2 individus sont témoins d'un événement étrange la veille d'une tempête solaire et doivent survivre à une forme de vie terrifiante qui les chasse.

 

La critique :

A coup sûr, la thématique de l'invasion extraterrestre est sans nul doute l'un des sujets à avoir été le plus exploité dans le vaste genre de la science-fiction s'alliant fréquemment avec le fantastique et/ou l'horreur. Déjà dans les années 50, on pouvait observer plusieurs oeuvres du genre avec, en 1951, La Chose d'un Autre Monde ou un peu plus tard La Guerre des Mondes, Les Soucoupes Volantes Attaquent, L'Invasion des Profanateurs de Sépulture ou le navet culte Plan 9 From Outer Space.
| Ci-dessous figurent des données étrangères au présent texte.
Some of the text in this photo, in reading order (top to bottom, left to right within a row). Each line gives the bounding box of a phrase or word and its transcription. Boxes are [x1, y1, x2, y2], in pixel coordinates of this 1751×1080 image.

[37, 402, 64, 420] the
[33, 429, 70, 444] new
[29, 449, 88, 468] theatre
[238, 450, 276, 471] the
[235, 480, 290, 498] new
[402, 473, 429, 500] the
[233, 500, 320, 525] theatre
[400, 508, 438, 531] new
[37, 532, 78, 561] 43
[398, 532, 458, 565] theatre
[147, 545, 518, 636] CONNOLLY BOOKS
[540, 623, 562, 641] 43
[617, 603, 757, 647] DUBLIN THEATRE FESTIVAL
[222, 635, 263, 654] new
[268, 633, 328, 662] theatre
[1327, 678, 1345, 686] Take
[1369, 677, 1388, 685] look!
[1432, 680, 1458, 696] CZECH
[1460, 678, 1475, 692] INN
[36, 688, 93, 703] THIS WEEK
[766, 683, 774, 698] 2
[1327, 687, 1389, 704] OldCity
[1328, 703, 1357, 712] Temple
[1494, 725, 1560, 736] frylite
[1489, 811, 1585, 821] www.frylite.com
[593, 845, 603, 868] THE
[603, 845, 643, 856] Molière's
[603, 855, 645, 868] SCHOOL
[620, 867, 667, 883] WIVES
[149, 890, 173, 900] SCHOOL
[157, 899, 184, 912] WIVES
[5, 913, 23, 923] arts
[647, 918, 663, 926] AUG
Plus qu'un divertissement, ils s'inscrivaient dans une période sombre d'après seconde guerre mondiale qui vit l'avènement du Maccarthysme et de cette fameuse peur de la menace rouge s'abattant dans le contexte spinescent de la Guerre Froide.
Vous aurez compris que les aliens étaient une métaphore des russes semant le chaos. On en est loin aujourd'hui, le sujet ayant été vite accaparé par le tout Hollywood voyant en l'invasion un marché lucratif pour produire toute une série de blockbusters sur vitaminés où l'explosion est seule reine du jeu sans aller chercher plus loin. 
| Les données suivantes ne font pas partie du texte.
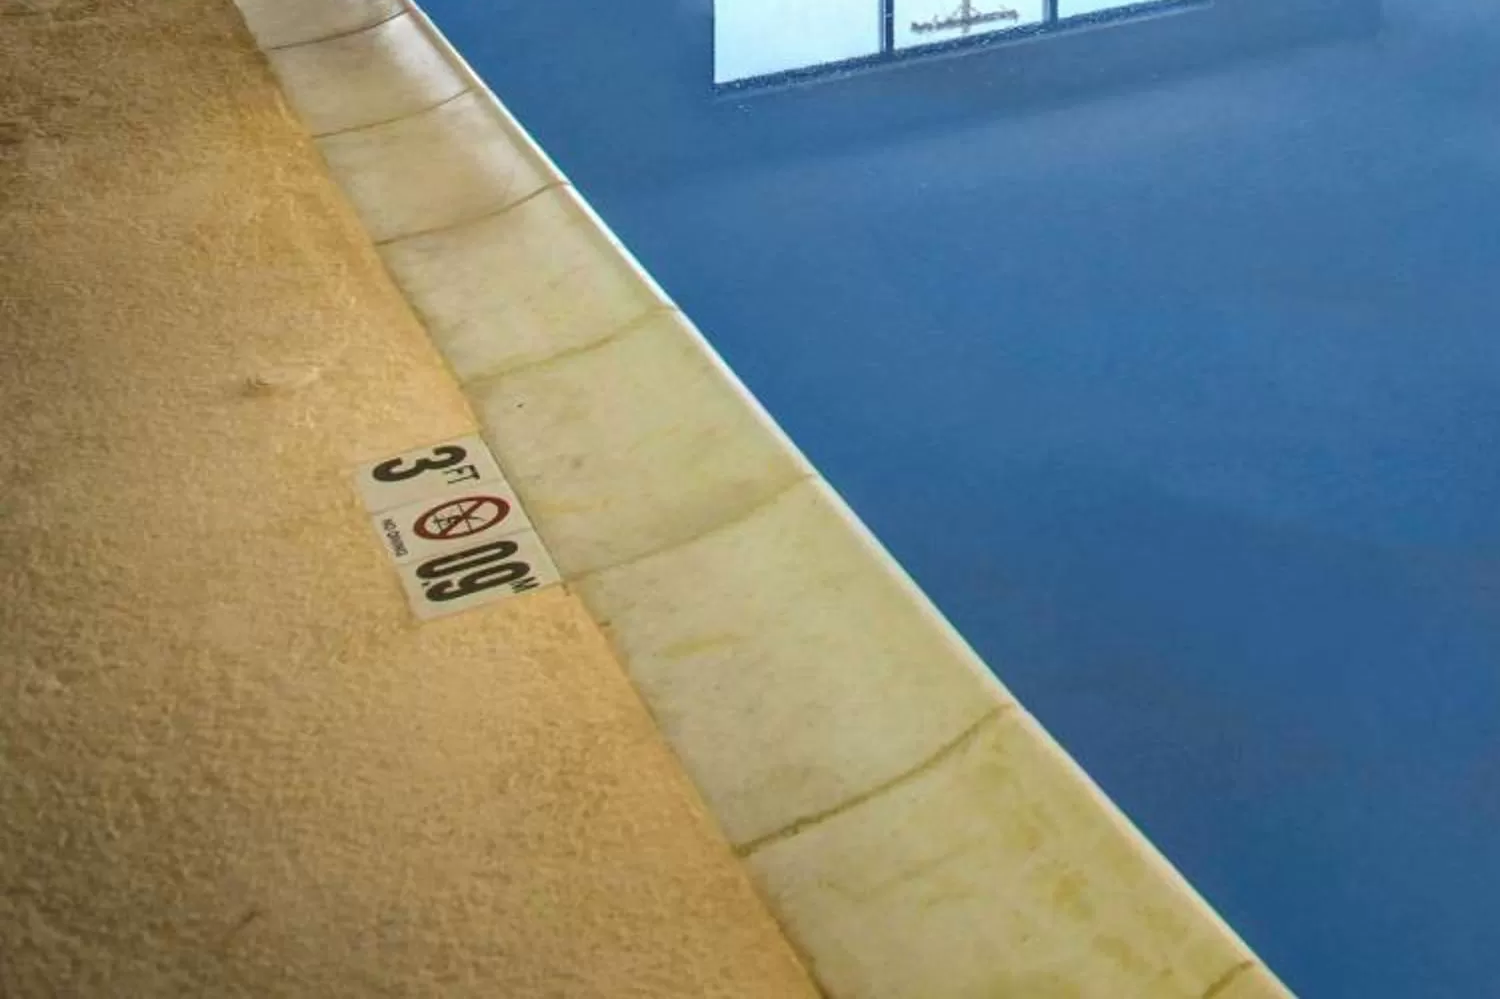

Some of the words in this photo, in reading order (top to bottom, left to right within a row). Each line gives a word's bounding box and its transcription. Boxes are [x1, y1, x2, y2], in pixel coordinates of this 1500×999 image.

[371, 444, 468, 483] 3
[442, 464, 481, 485] FT
[508, 575, 541, 595] M
Ceci va sans dire que la scène un peu plus "bon marché" s'est aussi lancé dans ce pari audacieux d'un point de vue financier. Vous vous doutez bien que certaines pellicules se cassèrent les dents en beauté devant le ridicule des effets spéciaux, une mise en scène bancale, un scénario stéréotypé au possible. Parfois, certains décident de jouer la carte de l'originalité comme le génial Edge of Tomorrow. Bien sûr, ces ingénieux concepts ne sont guère légion mais comme un vieux moine tibétain l'a dit, il ne faut jamais désespérer. L'obscure oeuvre qui va bénéficier d'une chronique (peut-être même une première sur la Toile française) s'appelle Ejecta, réalisée par un duo en la personne de Chad Archibald et Matt Wiele. Après renseignements, Archibald s'enorgueillit du cinéma d'horreur et fantastique en tant que réalisateur et/ou producteur. On lui doit The Heretics, The Drownsman et Bite.
Pour Wiele, il s'agirait de sa première en tant que cinéaste vu que sa carrière se résuma visiblement comme producteur de The Hexecutioners et Exit Humanity. A fortiori, ces deux hommes sont en terrain conquis. Reste à voir si la confidentialité dont il se pare est méritée ou non.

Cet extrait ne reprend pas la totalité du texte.